For many firms, the answer is a data lake. This consists of a single repository into which data of various types and structures can be stored in their native format until needed for analysis. Unlike a data warehouse, which has a predetermined structure and hierarchy for its contents, a data lake is a flat architecture where everything is treated equally.
This offers a range of benefits. Data lakes offer great agility as they are more accessible and can be reconfigured as needed at any time. They’re also cheap to implement and manage.
However, if you're not careful, it can be easy for a data lake to get out of control. This can happen when the data isn't managed properly and becomes hard to find or extract effectively.
Signs your data lake has become a swamp
If this happens, your data lake can easily turn into a swamp. In this case, instead of clean waters you can dip into to analyze data easily, you'll end up with an oversaturated mess clogged up with unusable or irrelevant information.
Sign that your lake is turning into a swamp may include:
- You lack metadata: Metadata is vital in providing vital context to data, such as its source. If you don't have this, people may find it impossible to find the information they're looking for.
- Irrelevant data: Many firms now simply harvest as much data as possible and dump it into their data lake, on the assumption it might prove useful later. This isn’t often the case, and the more useless info you have, the harder it’ll be to separate the useful data from the rest.

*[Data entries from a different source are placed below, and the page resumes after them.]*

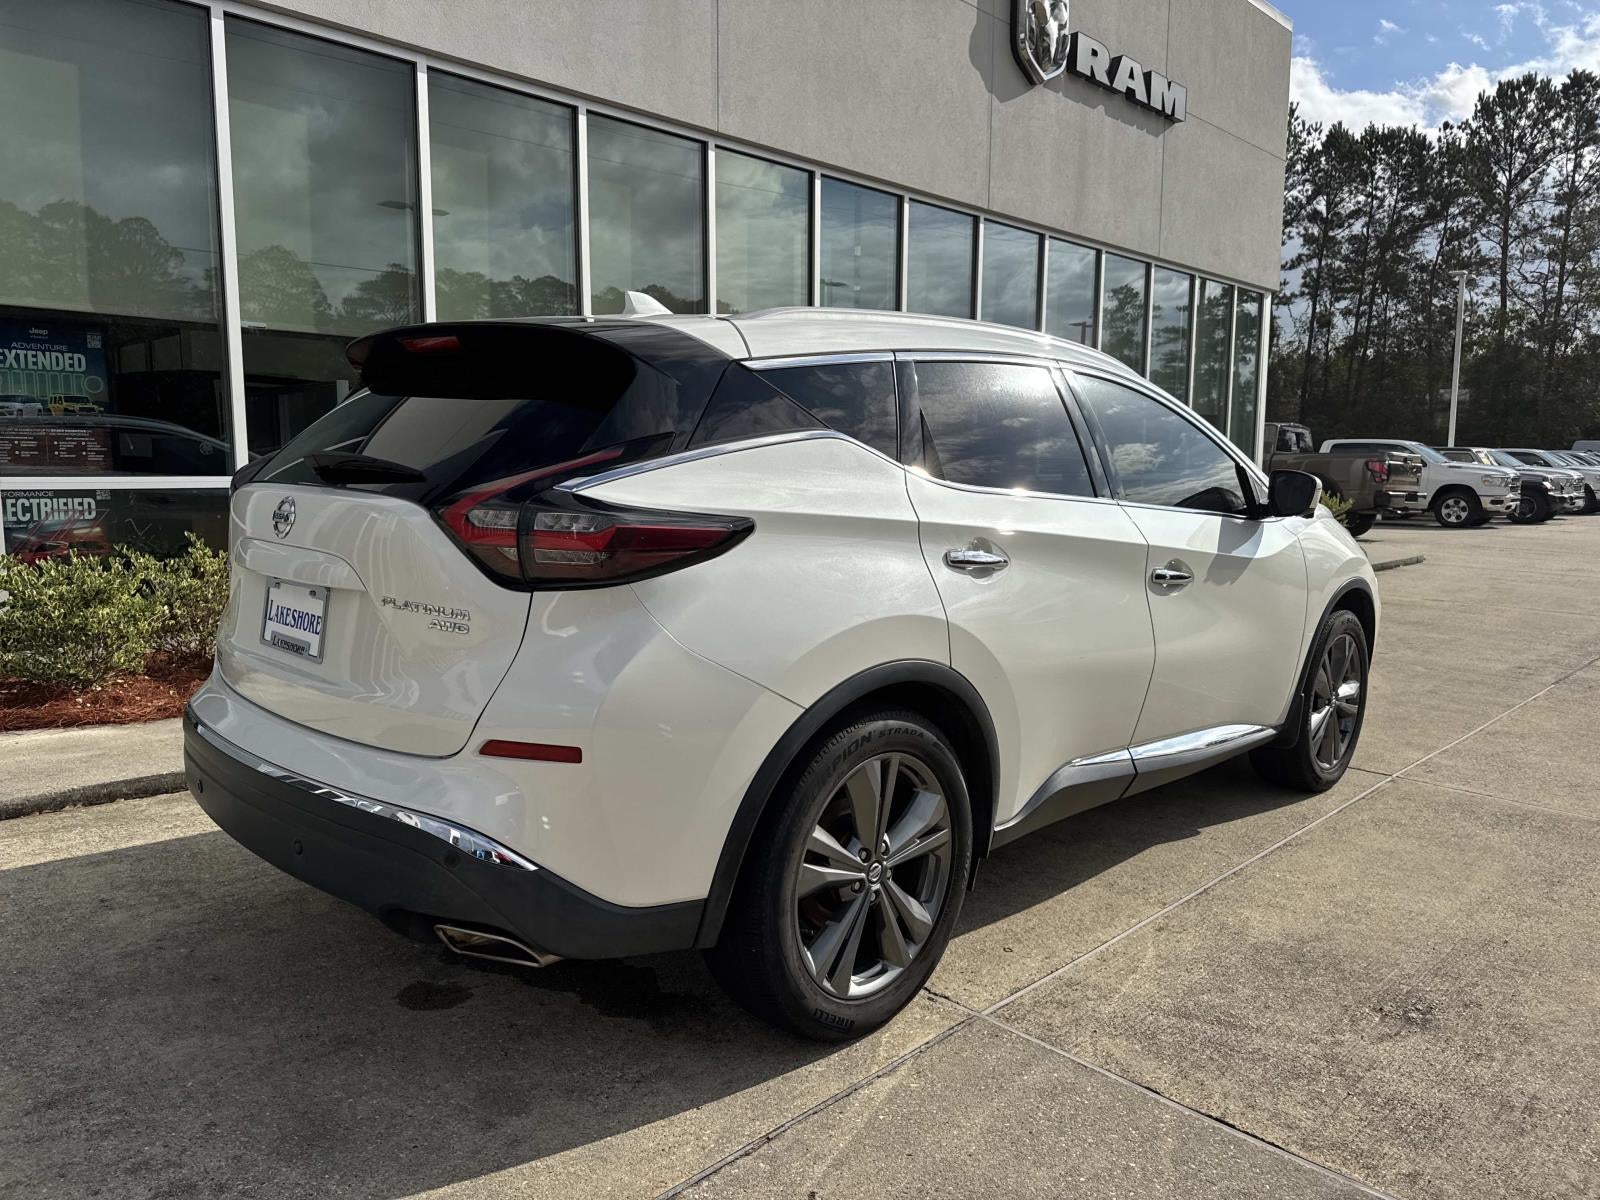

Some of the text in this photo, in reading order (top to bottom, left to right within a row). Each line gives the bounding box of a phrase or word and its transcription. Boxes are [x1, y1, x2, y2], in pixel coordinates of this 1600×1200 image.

[1068, 31, 1187, 122] RAM
[28, 327, 48, 335] Jeep
[11, 341, 69, 352] ADVENTURE
[1, 490, 55, 498] FORMANCE
[3, 497, 97, 522] ECTRIFIED
[381, 596, 471, 621] PLATINUM
[268, 599, 322, 636] LAKESHORE
[428, 619, 470, 634] AWD
[879, 727, 924, 738] STRADA

- No governance processes: Data governance sets out who's responsible for data, how it should be handled and what limits should be placed on it. Without these rules, you could find vital data falls through the cracks, or leaves you open to regulatory actions.
- Dependence on manual processes: If your employees are still managing data lakes by hand, they can quickly spiral out of control as volumes become too big for IT pros to cope with.
These may be more common problems than you realize. In fact, Gartner estimates as many as 90% of data lakes will become unusable as they become overwhelmed with information. So how can you address these issues and return your data lake to the clear, usable resource it's intended to be?
5 steps to clean up your data swamp
There are a range of steps you can take to improve the quality of these solutions, but essentially, it requires you to be more focused about the data you input into the lake, have well-defined plans for managing this information and embrace some of the latest technologies to reduce the burden on your staff.
Here are five key elements that should be a part of any successful data lake strategy.
1. Set clear goals
A crucial first step should be identifying clear goals for your data strategy. This is vital in stopping you hoarding irrelevant data that does nothing other than gum up the works. Instead, set out what you intend to achieve and then ask yourself what types of information you'll need to help with this. Don't just gather everything 'just in case'.
2. Unify your data sources
A key feature of a data lake is its ability to collate data from a wide range of sources across many structured and unstructured formats. But this can result in data being loaded multiple times from various different places, sometimes with incomplete information or the same data duplicated across different formats. Avoid this by uniting and reconciling your data pipelines with an effective data management platform.
3. Catalogue your data at entry
Ensuring data is fully tagged at the point of entry is vital in keeping your data lake searchable. Make sure that the metadata you add is complete and consistent across every piece of data, describing exactly what it is, where it's from and what it's about. Without this, many useful pieces of data may disappear into the lake, never to be seen again.
4. Implement strong data governance processes
A clear data governance policy is another must-have. This should detail who has ownership of the data, who has permission to access it and what your processes for protecting and minimizing the data are. For example, this should include information about when data should be considered 'expired', which ensures you're not only removing old data when it's no longer useful, but also maintaining compliance with privacy regulations.
5. Use automation
Automation technology has come a long way in recent years, and embracing this can make a data lake operate much more smoothly. Whether it's relatively simple tools, such as robotic process automation for data entry to complex artificial intelligence and machine learning tools, this can help you ensure data is loaded correctly and then sort through it to identify the right data to query much more quickly and accurately than a human would be able to achieve.